Answer
See the detailed answer below.
Work Step by Step
We have here 4 frames of reference, $\rm S, S', S'', S'''$ for Earth, and the three spaceships respectively.
Where
$$v_{\rm S'}=v_1=0.3 c,\;\;\;v_{\rm S''}=v_2=0.5 c,\;\;\;v_{\rm S'''}=v_3=0.7c$$
Let's assume that the origins of the 4 frames are at the same point at $t_D=0$, so
$$t_D=t'_D=t''_D=t'''_D=0$$
And
$$t_E=1\;\rm y$$
$$x_E=2\;\rm ly$$
$$\color{blue}{\bf [a,b,c]}$$
Now we can use the Lorentz transformation to find the time at which Epsilon exploded.
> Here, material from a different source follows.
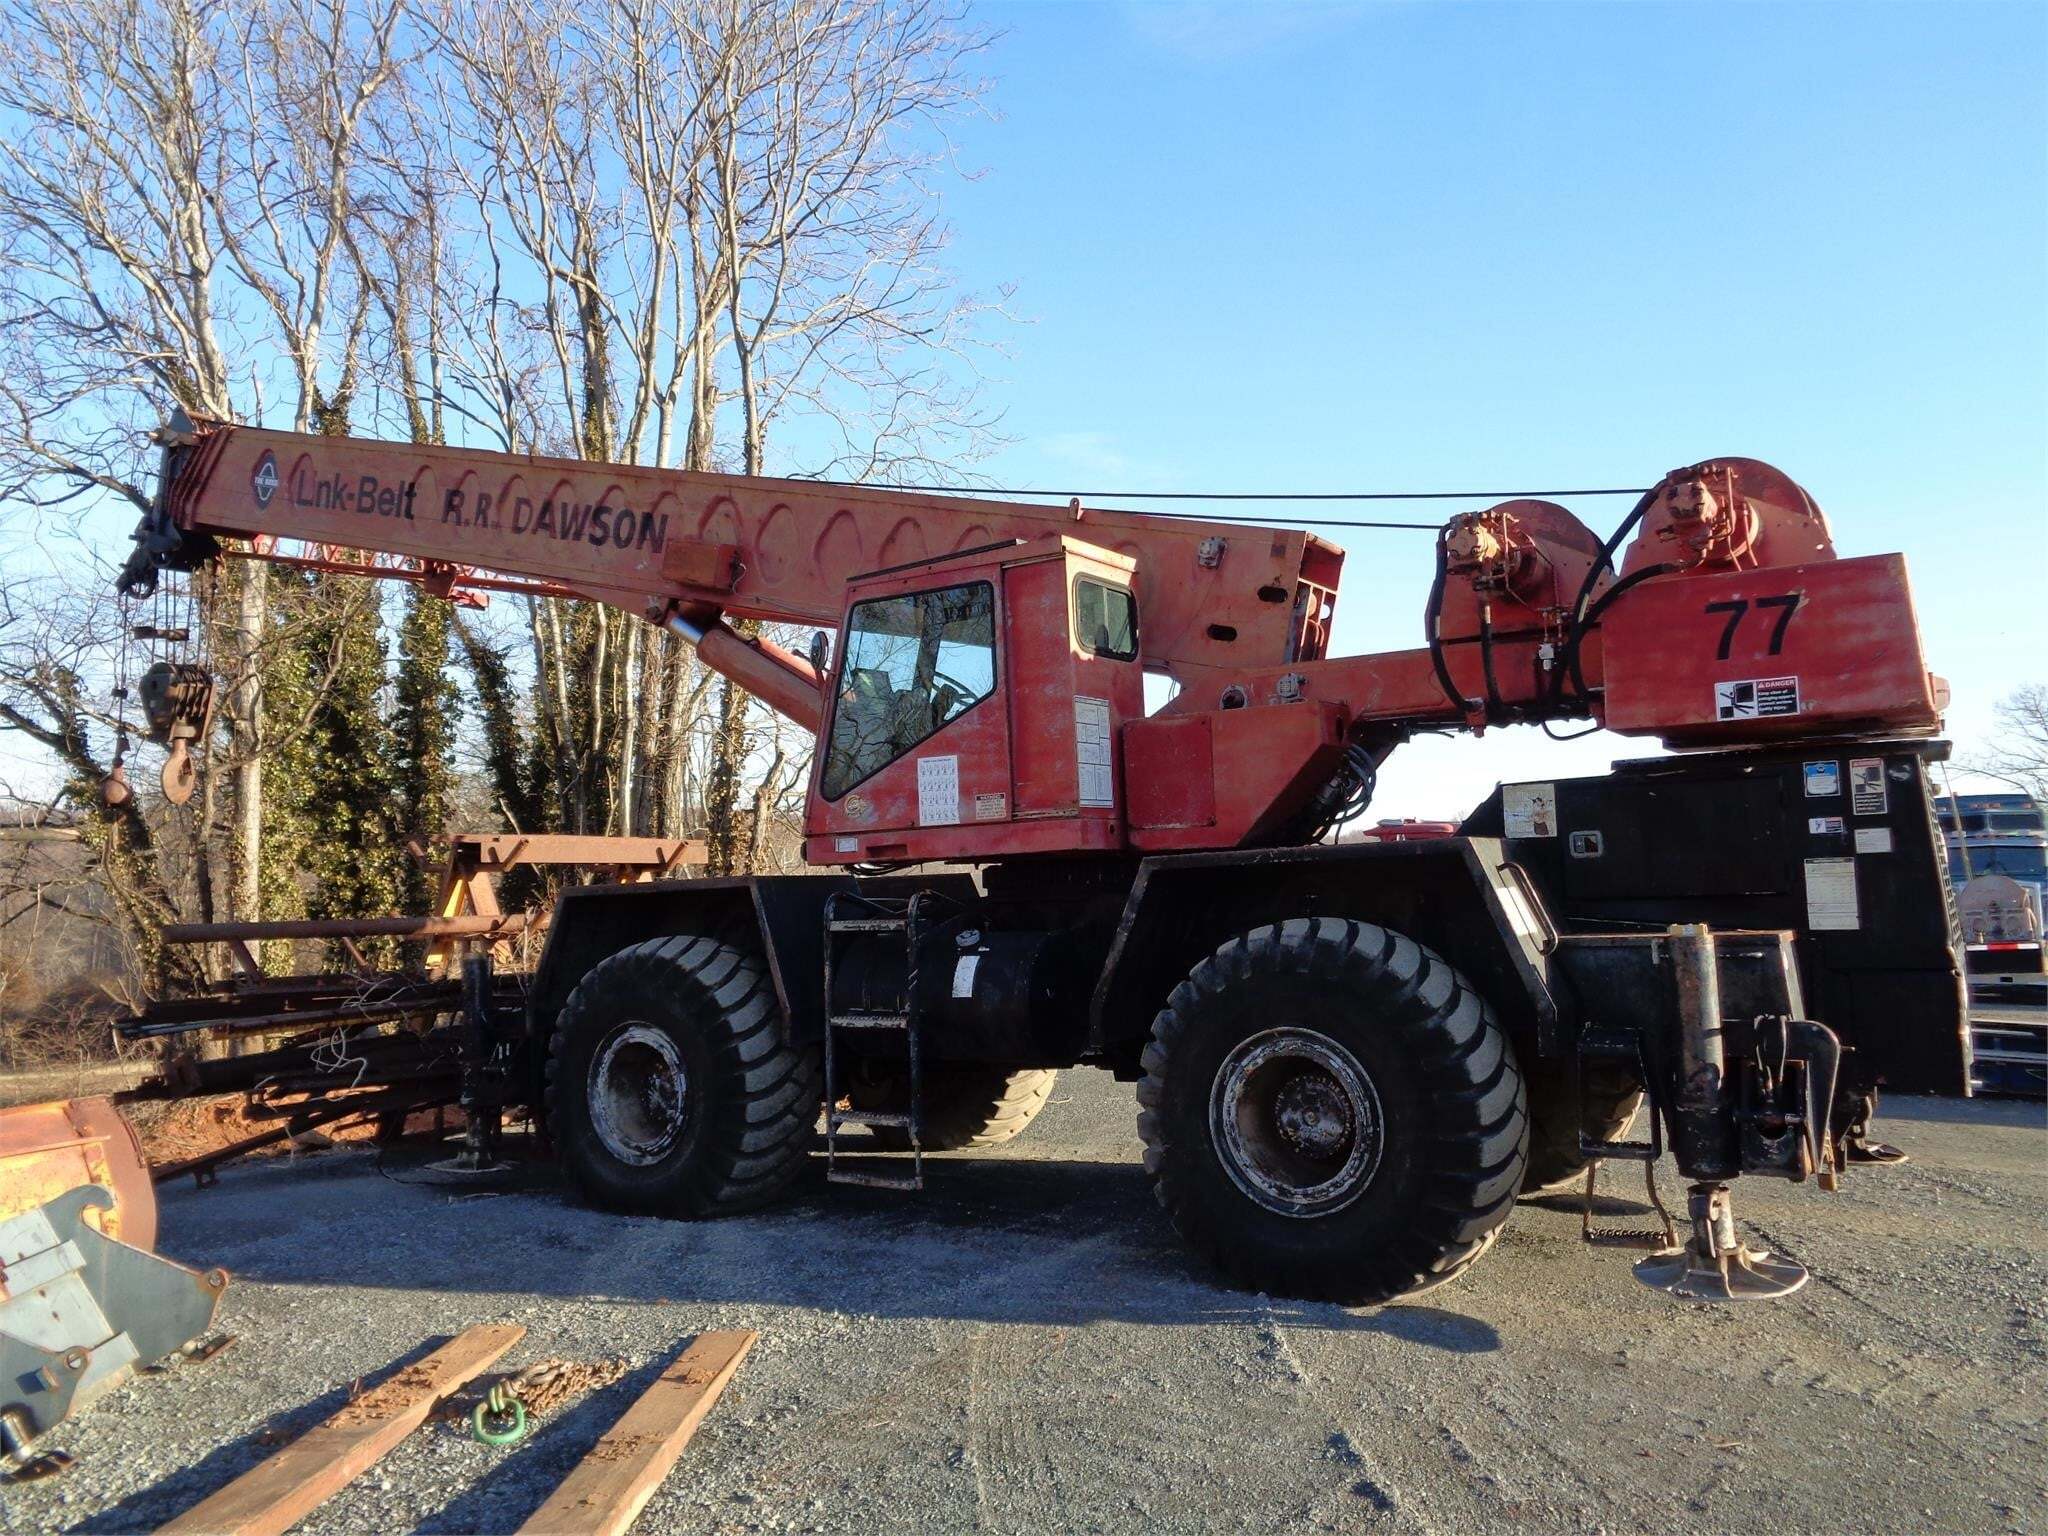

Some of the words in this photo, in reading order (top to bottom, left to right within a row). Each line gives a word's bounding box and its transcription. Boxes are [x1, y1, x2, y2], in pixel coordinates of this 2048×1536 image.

$$t'_E=\gamma\left[t_E-\dfrac{v_1x_E}{c^2}\right]$$
where $\gamma=\left[1-\frac{v^2}{c^2}\right]^{-1/2}$;
$$t'_E=\left[1-\frac{v_1^2}{c^2}\right]^{-1/2}\left[t_E-\dfrac{v_1x_E}{c^2}\right]$$
Plug the known;
$$t'_E=\left[1-\frac{0.3^2c^2}{c^2}\right]^{-1/2}\left[1{\;\rm y}-\dfrac{0.3 \left(\frac{1\;\rm ly}{\;\rm y}\right)(2\;\rm ly)}{\left(\frac{1\;\rm ly}{\;\rm y}\right)^2}\right]$$
$$t'_E=\color{red}{\bf 0.4193}\;\rm y$$
So, for $\rm S'$, there is a time difference between the two events about 0.42 years.
By the same approach,
$$t''_E=\left[1-\frac{0.5^2c^2}{c^2}\right]^{-1/2}\left[1{\;\rm y}-\dfrac{0.5 \left(\frac{1\;\rm ly}{\;\rm y}\right)(2\;\rm ly)}{\left(\frac{1\;\rm ly}{\;\rm y}\right)^2}\right]$$
$$t'_E=\color{red}{\bf 0}\;\rm y$$
So, for $\rm S''$, there is no time difference between the two events which means that the two events occurred simultaneously.
By the same approach,
$$t'''_E=\left[1-\frac{0.7^2c^2}{c^2}\right]^{-1/2}\left[1{\;\rm y}-\dfrac{0.7 \left(\frac{1\;\rm ly}{\;\rm y}\right)(2\;\rm ly)}{\left(\frac{1\;\rm ly}{\;\rm y}\right)^2}\right]$$
$$t'_E=\color{red}{\bf -0.56}\;\rm y$$
So, for $\rm S'''$, there is a time difference between the two events of about -0.56 years, which means that the Epsilon explodes before Delta.
$$\color{blue}{\bf [d]}$$
The two events are independent since the light explosion of Delta would reach Epsilon after two years while the Epsilon exploded just one year after the explosion of Delta.
So there is no causality violation, and it is normal, in some reference frames, that one event occurred before the other.